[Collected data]
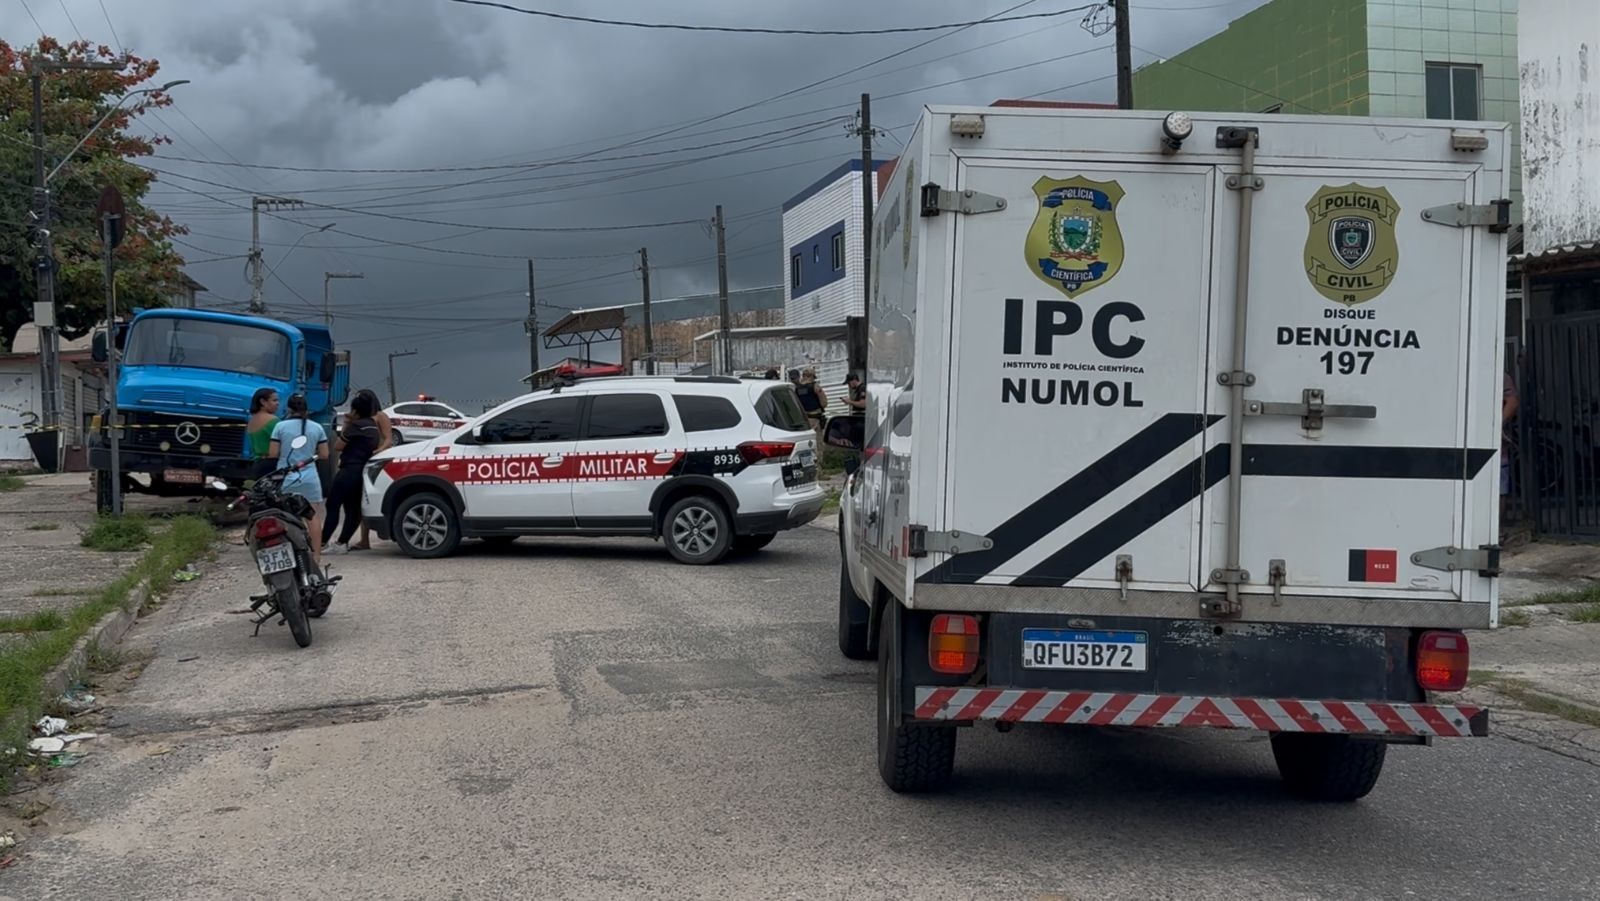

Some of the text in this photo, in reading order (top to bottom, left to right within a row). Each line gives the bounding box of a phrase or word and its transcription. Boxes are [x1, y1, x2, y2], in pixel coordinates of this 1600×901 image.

[1060, 187, 1094, 200] POLÍCIA
[1325, 193, 1380, 212] POLÍCIA
[1050, 268, 1094, 280] CIENTÍFICA
[1327, 274, 1373, 288] CIVIL
[1343, 294, 1356, 302] PB
[1323, 308, 1376, 320] DISQUE
[1003, 298, 1146, 359] IPC
[1276, 324, 1421, 349] DENÚNCIA
[1003, 361, 1145, 374] INSTITUTO DE POLÍCIA CIENTÍFICA
[1320, 350, 1375, 375] 197
[1001, 377, 1144, 408] NUMOL
[467, 457, 648, 479] POLÍCIA MILITAR
[713, 454, 741, 466] 8936
[1033, 642, 1133, 668] QFU3B72

Work to complete
Word for word, repeat the lines of data above, omitting every picture.

Answer for the task
Some of the text in this photo, in reading order (top to bottom, left to right within a row). Each line gives the bounding box of a phrase or word and its transcription. Boxes are [x1, y1, x2, y2], in pixel coordinates of this 1600×901 image.

[1060, 187, 1094, 200] POLÍCIA
[1325, 193, 1380, 212] POLÍCIA
[1050, 268, 1094, 280] CIENTÍFICA
[1327, 274, 1373, 288] CIVIL
[1343, 294, 1356, 302] PB
[1323, 308, 1376, 320] DISQUE
[1003, 298, 1146, 359] IPC
[1276, 324, 1421, 349] DENÚNCIA
[1003, 361, 1145, 374] INSTITUTO DE POLÍCIA CIENTÍFICA
[1320, 350, 1375, 375] 197
[1001, 377, 1144, 408] NUMOL
[467, 457, 648, 479] POLÍCIA MILITAR
[713, 454, 741, 466] 8936
[1033, 642, 1133, 668] QFU3B72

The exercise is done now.